Spatial localization data:

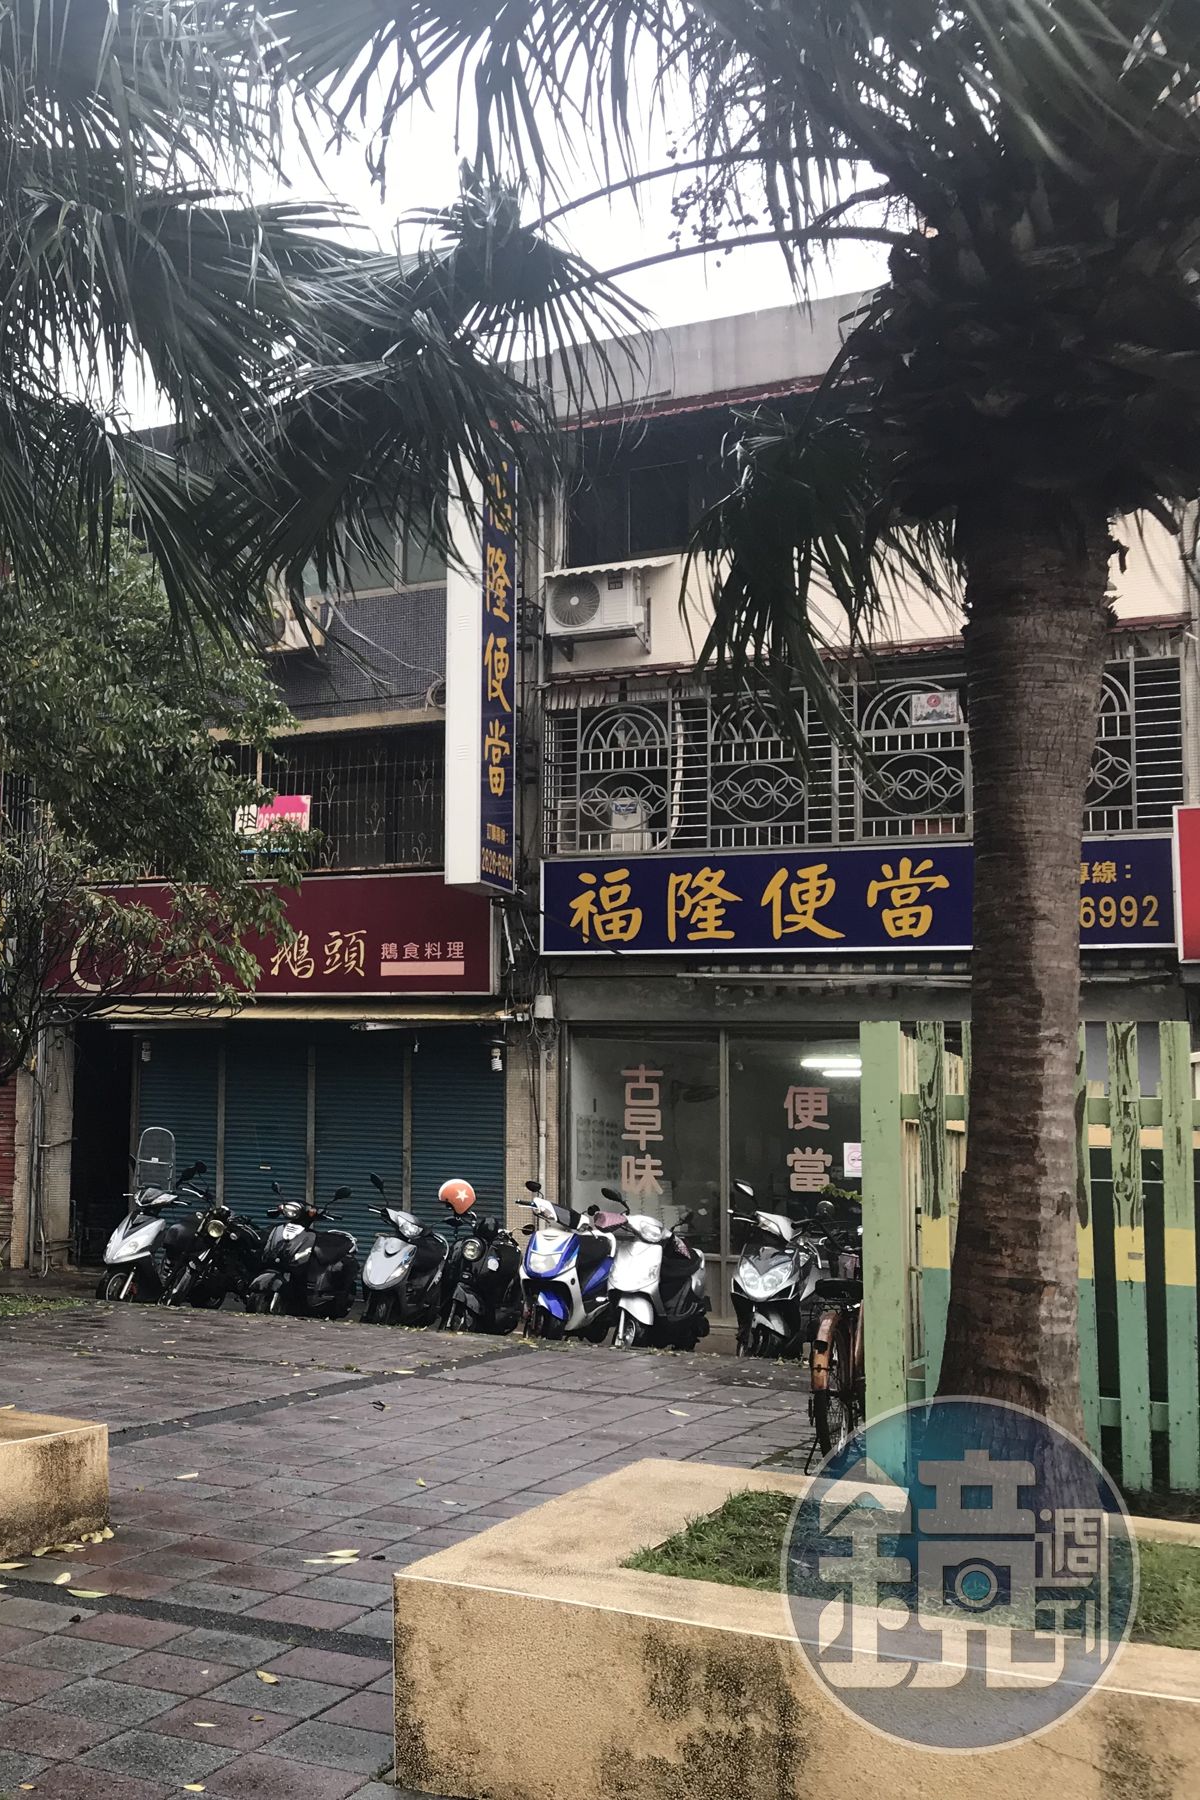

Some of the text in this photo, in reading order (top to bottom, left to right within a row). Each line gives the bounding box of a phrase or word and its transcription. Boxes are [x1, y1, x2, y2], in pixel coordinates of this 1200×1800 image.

[569, 857, 950, 943] 福隆便當
[1080, 895, 1159, 928] 6992
[381, 941, 465, 960] 鵝食料理
[620, 1064, 664, 1195] 古早味
[783, 1085, 833, 1192] 便當
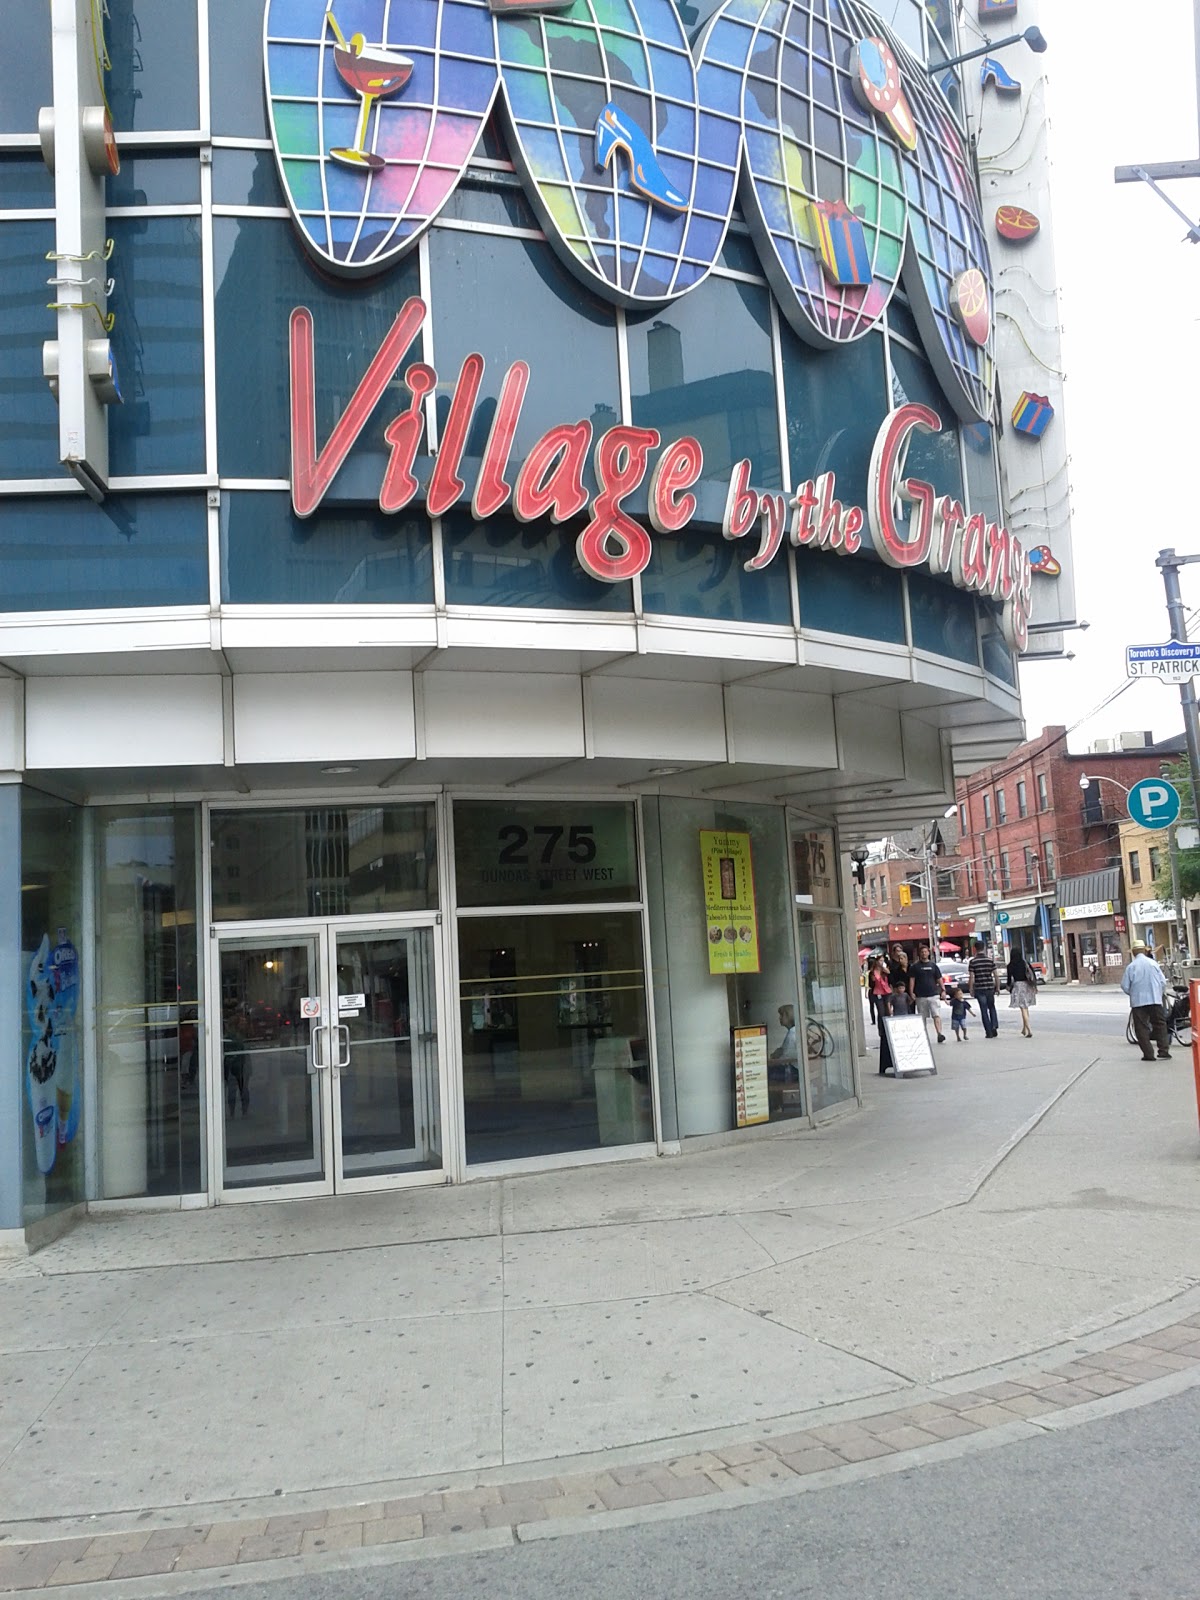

> _Work to complete_
Write out the data once more exactly, omitting the pictures.

> _Output for this exercise_
Some of the text in this photo, in reading order (top to bottom, left to right within a row). Each line gives the bounding box of a phrase or word and its transcription. Boxes are [x1, y1, x2, y2], in pixel coordinates of this 1200×1800 image.

[569, 857, 950, 943] 福隆便當
[1080, 895, 1159, 928] 6992
[381, 941, 465, 960] 鵝食料理
[620, 1064, 664, 1195] 古早味
[783, 1085, 833, 1192] 便當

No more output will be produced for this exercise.